Findings of the 2015 LifeCare/FPA Financial Confidence of American Workers SurveyThe 2015 LifeCare/FPA Financial Confidence of American Workers Survey – released this month – finds that day-to-day finances are having a drain on workers’ ability to plan for the long-term.

It also reveals that workers are confident for the short-term and less confident about the long-term.

While savings is a key area of confidence, it’s also a main area of stress and furthermore, the survey shows that workers really don’t understand what retirement planning is and how to find help.

“The average American worker today is responsible for so much financially. Once defined contribution plans began to disappear, people started to have to worry about much more than putting food on the table and a roof over their family’s heads,” says 2015 FPA President Edward W. Gjertsen II, CFP®.

“Confidence and stress don’t come naturally…there is always a cause of it. If we can identify what those root causes are, financial planners can better help them plan for their short and long-term finances while companies like LifeCare can develop the programs and services millions of American workers need.”

“We’re always looking to identify new areas of concern for our members. As financial climates change, so do their needs, both short term and long term,” says Peter Burki, CEO of LifeCare. “This research enables us to better serve our members by demonstrating the interrelatedness of everyday needs and expenses, such as child care, elder care, and long term financial security.”

The survey suggests that: –

People need to start with having something to save

Of those respondents that are not saving for retirement, the majority (67 percent) indicated that they have nothing left after everyday expenses, including housing, transportation, food and household items, education, credit and debt repayment, and eldercare. Those that indicated that there was nothing left after everyday expenses leaned more toward having a household income under $100,000 per year. Interestingly, although respondents indicated that they don’t have anything saved after everyday expenses, they still feel that they have a handle on their household finances.

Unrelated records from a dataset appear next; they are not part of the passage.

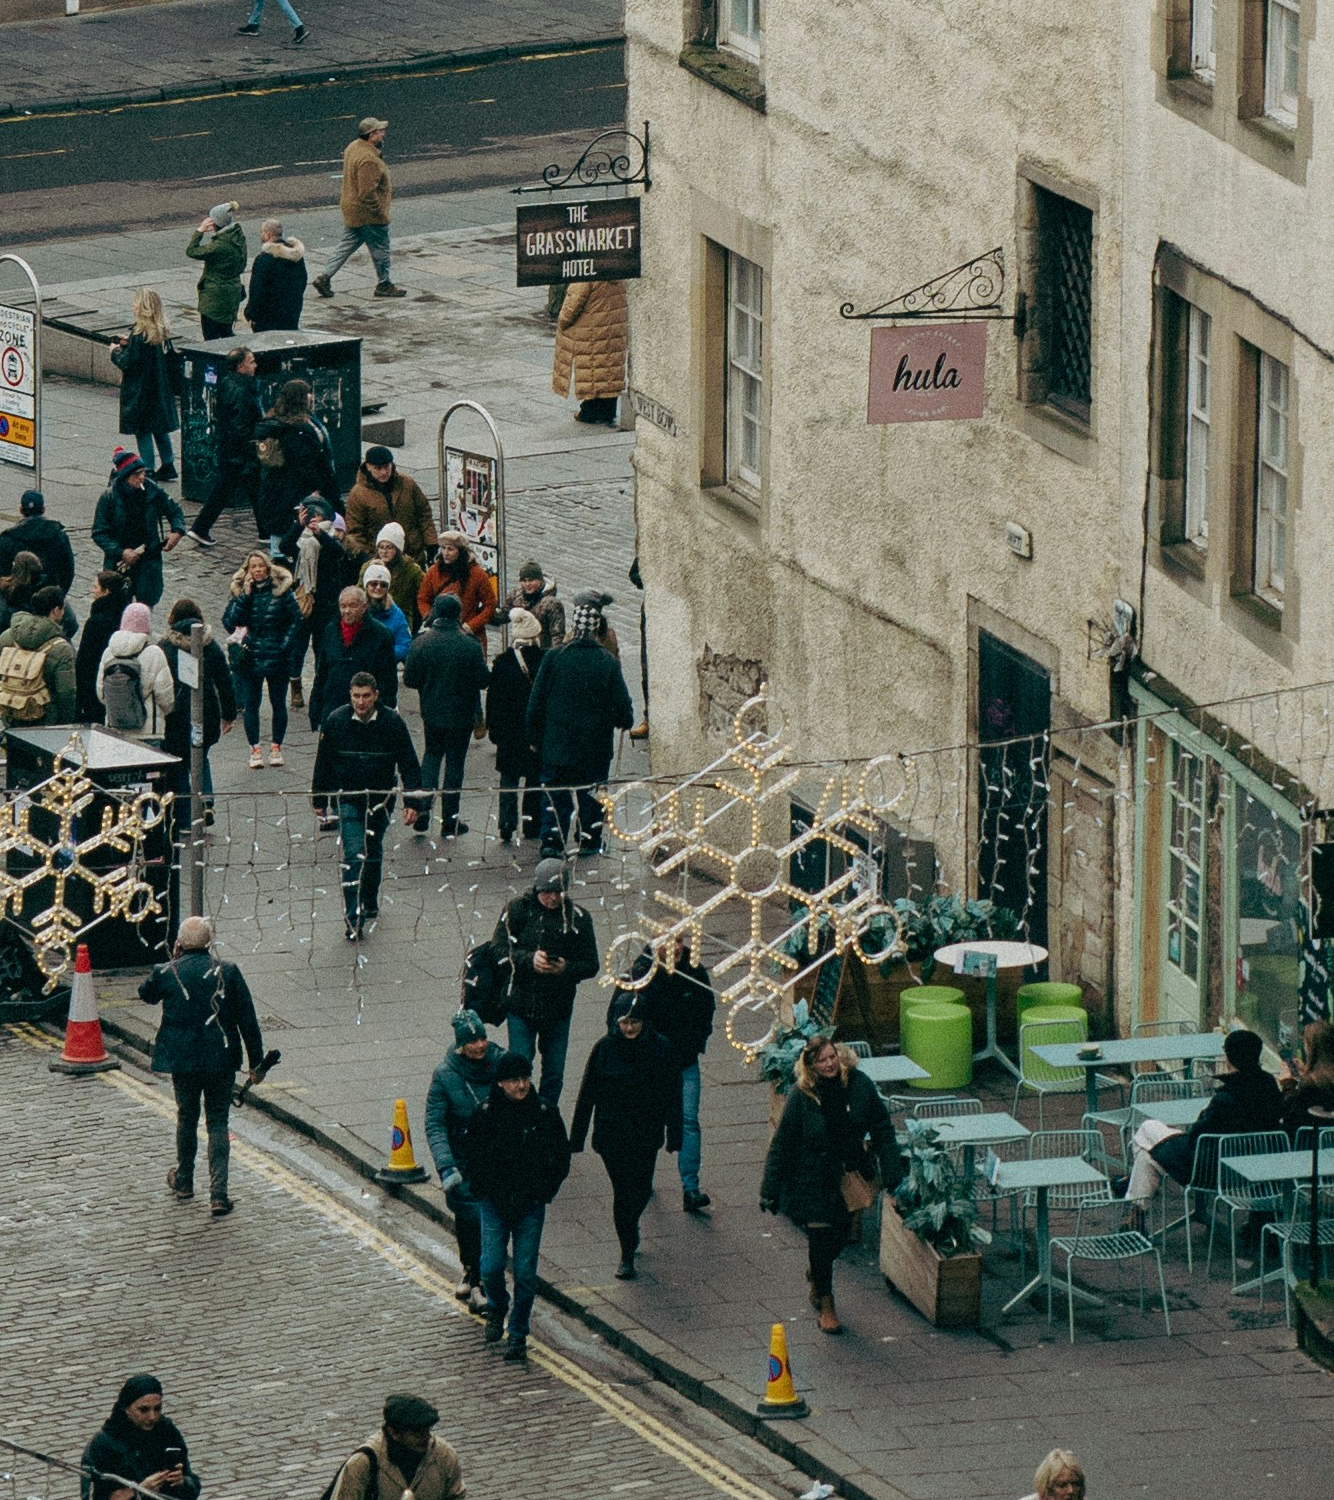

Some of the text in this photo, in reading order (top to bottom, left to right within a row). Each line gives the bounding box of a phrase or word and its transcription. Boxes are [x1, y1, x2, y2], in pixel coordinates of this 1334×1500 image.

[566, 205, 589, 224] THE
[526, 225, 635, 256] GRASSMARKET
[562, 259, 597, 278] HOTEL
[0, 329, 26, 348] ZONE
[892, 352, 963, 393] hula

There’s confidence in short-term finances and lack of confidence in long-term finances

More than half of respondents (57 percent) say they feel they have a solid hold of their household finances, which is probably more related to their feeling of control over more short-term, immediate expenditures, including housing costs (62 percent), debt management (61 percent) and saving/spending (56 percent). But while they feel a sense of control over these areas, these also impact their day-to-day budget the most.

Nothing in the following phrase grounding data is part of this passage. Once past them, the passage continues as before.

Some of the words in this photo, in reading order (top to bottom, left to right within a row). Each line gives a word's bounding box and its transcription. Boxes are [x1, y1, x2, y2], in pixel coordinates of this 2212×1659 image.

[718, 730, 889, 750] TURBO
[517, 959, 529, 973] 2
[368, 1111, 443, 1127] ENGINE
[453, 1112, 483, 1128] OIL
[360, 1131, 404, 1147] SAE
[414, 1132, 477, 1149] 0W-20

They also seem to equally lack confidence with their long-term finances. When asked what financial matters they would specifically speak to a Certified Financial Planner™ (CFP®) professional about, overwhelmingly they cited areas like how much they will need to be comfortable in retirement (56 percent), retirement preparedness (50 percent), and how much to save in a 401(k) plan (40 percent).

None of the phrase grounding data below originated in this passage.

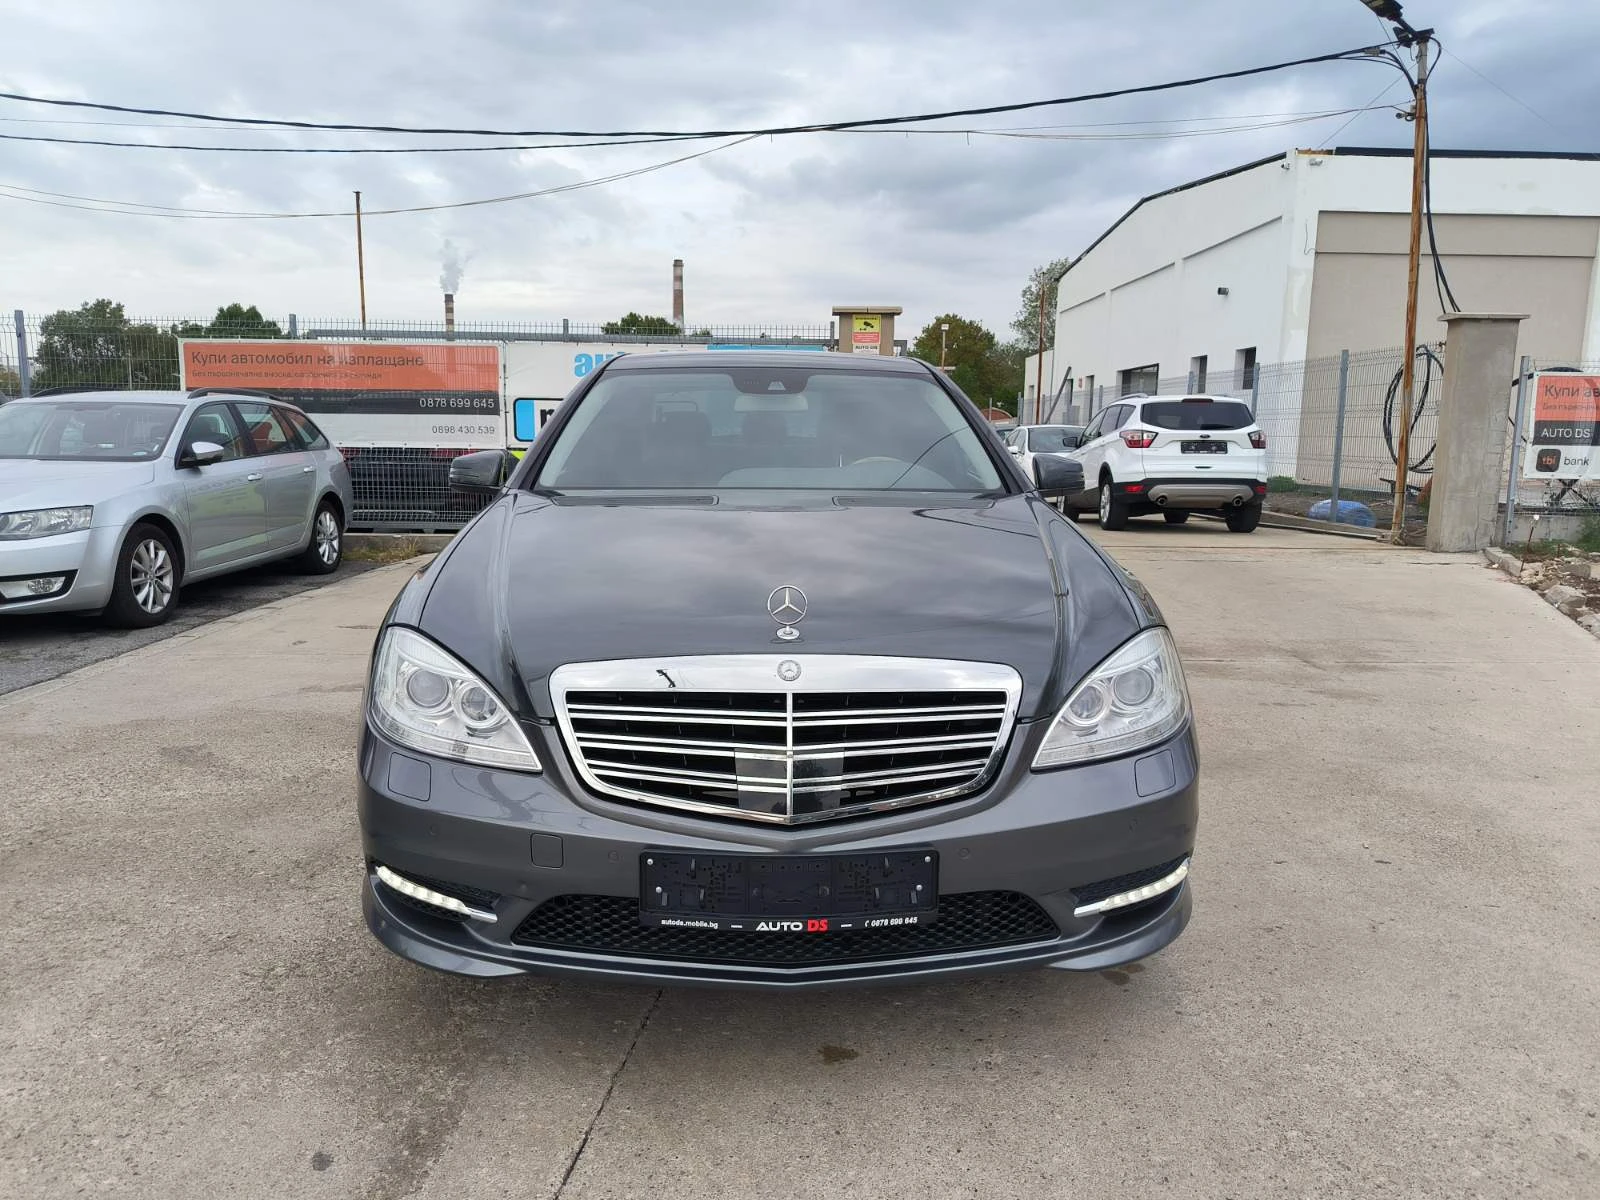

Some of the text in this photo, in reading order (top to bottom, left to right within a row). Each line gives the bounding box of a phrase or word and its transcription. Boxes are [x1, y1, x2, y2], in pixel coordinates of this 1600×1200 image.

[192, 352, 226, 366] Купи
[231, 353, 313, 364] автомобил
[317, 355, 335, 364] на
[1544, 384, 1580, 399] Купи
[420, 398, 495, 409] 0878 699 645
[432, 425, 495, 434] 0898 430 539
[1541, 428, 1591, 438] AUTO DS
[1563, 457, 1590, 466] bank
[756, 919, 829, 932] AUTO DS

Saving is an area of confidence and an area of stress

While 25 percent of American workers say saving and spending are a primary source of confidence, 26 percent say it is also a primary source of stress. Having savings and spending under control is key to handling day-to-day finances and 56 percent of respondents say that it is a major contributor to having that sense of control. But 40 percent of respondents also say that they feel they are ill prepared for their retirement because of inadequate savings.

There’s a lack of clarity on retirement planning

60 percent of respondents of the survey are between the ages of 45 and 64 – prime retirement planning years for most people. But what the survey found is an indication that many people either don’t have a retirement plan in place, don’t understand what retirement planning is and where to find help in developing a plan. For example:

  • 55 percent of respondents indicate that they either don’t have a plan in place for retirement or just don’t know if they do. Additionally, 67 percent of those who are not currently saving for retirement say they are unable to save because of everyday expenses and another 24 percent don’t have any idea how to begin.
  • When examining the 45 percent of respondents who say they have a plan in place for retirement, only 20 percent are actually working with a financial planner.
  • Nearly half of respondents (48 percent) were auto enrolled in their employer’s defined-contribution retirement plan (e.g. 401(k) plan). While such plans are a cornerstone of retirement for most American workers, it can be determined that respondents are viewing their 401(k) as their complete retirement plan, which is an inaccurate viewpoint.
  • While 83 percent of respondents believe that working with a financial planner would be beneficial, rampant misconceptions are keeping them from engaging one. The most common belief among respondents who are not working with a financial planner is that they cannot afford one (44 percent). That is followed by not knowing what a planner does (17 percent), not thinking they have enough in assets (15 percent) and not believing their financial situation is complex (13 percent).

“As a fulltime financial planner I see all the time how financial stress can, all too often, lead to financial inaction on the part of consumers,” added Gjertsen. “Fact is that the stress can be reduced by taking the necessary steps – going from inaction to action – and addressing those areas of your financial life that are causing the stress. There is a financial planner for everyone, of all backgrounds and socioeconomic levels.”

“Finances have a dramatic effect on our members’ lives,” says Burki. “In order to help our members with any aspect of their lives, we need to look at the full spectrum of causes and effects. This survey gives us a new lens to look through and helps us understand and address the underlying causes of overall stress, not solely the symptoms.”